Wir durchsuchten die Seite von Pepperparties nach einer freundlichen Beraterin in unserer Nähe und stiessen auf Frau Schienbein, deren Vorstellungstext und Name überzeugte.
Es wurde also mit besagter Dame telefoniert und ein Termin gemacht. Dann begaben wir uns an die Gästeliste. Also mit 8 bis 15 Leuten würde es, laut Frau Schienbein ganz nett. Was aber wenn die Leute kurz vor knapp absagen, oder alle absagen oder, oder, oder. Als war unser Plan wie folgt: Wir schrieben 12 Leute auf die Liste und jeder sollte eine Freundin mitbringen. Zum einen ist man dann nicht allein und zum anderen geht die Rechnung dann bestimmt auf.
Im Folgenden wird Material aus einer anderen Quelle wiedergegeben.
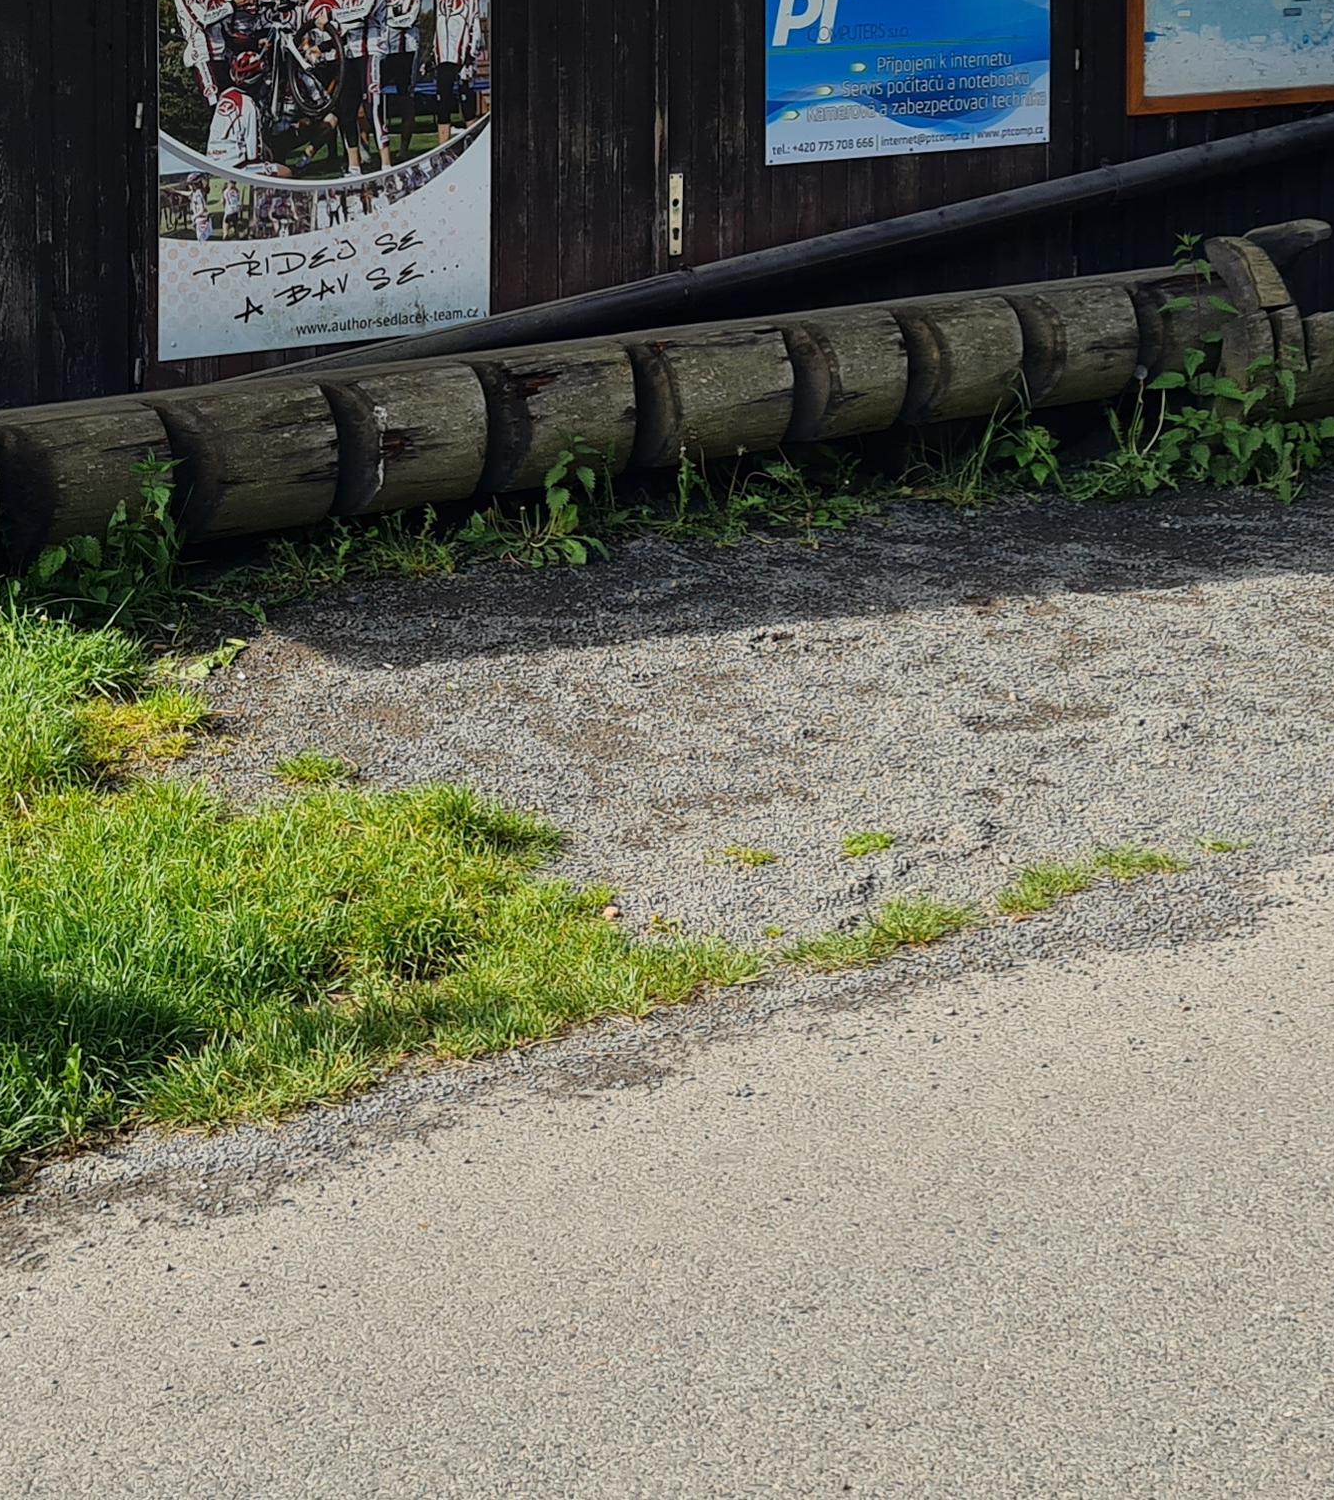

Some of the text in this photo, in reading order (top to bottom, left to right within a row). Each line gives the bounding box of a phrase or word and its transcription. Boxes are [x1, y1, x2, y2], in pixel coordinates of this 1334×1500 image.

[877, 51, 1012, 74] Připojení k internetu
[842, 80, 883, 98] Servis
[947, 77, 956, 90] a
[878, 104, 888, 116] a
[792, 141, 816, 154] +420
[818, 140, 835, 152] 775
[836, 138, 854, 151] 708
[856, 137, 875, 149] 666
[193, 229, 424, 286] PŘIDEJ SE
[233, 296, 264, 324] A
[274, 275, 348, 307] BAV
[295, 308, 480, 338] www.author-sedlacek-team.cz
Es kamen 12 Mädels. Wir waren alle kicherig, aufgergt und gespannt und dann kam die Präsentation von Frau Schienbein.
Es war völlig entspannt und überhaupt nicht schockierend. Sie stellte die verschiedensten Cremchen, Öle und Gele vor. Mit Geschmack zum Essen, pflegend, ohne Zucker, Kerzen die zu Öl wurden, ein Puder mit Pinsel, Cremes zum anmalen, kühlen oder wärmen. Als ojo nach Hause kam (den hatte ich ausquartiert) meinte er, es röche wie bei Douglas.
Nach einer Pause kamen dann die "anderen" Sachen. Aber auch hier war es nicht unangenehm oder der Vorhof zum Hartcore Film. Alles für Mädchen und dementsprechend nett und passend aufgemacht. Zu all dem kam die eine oder andere medizinische Information.
Es war ein netter abend, Frau Schienbein hat sich auch gefreut.
Auf jeden Fall besser als die Plastikschüsseln oder Putzlappen und vielleicht werde ich eine Frau Schienbein.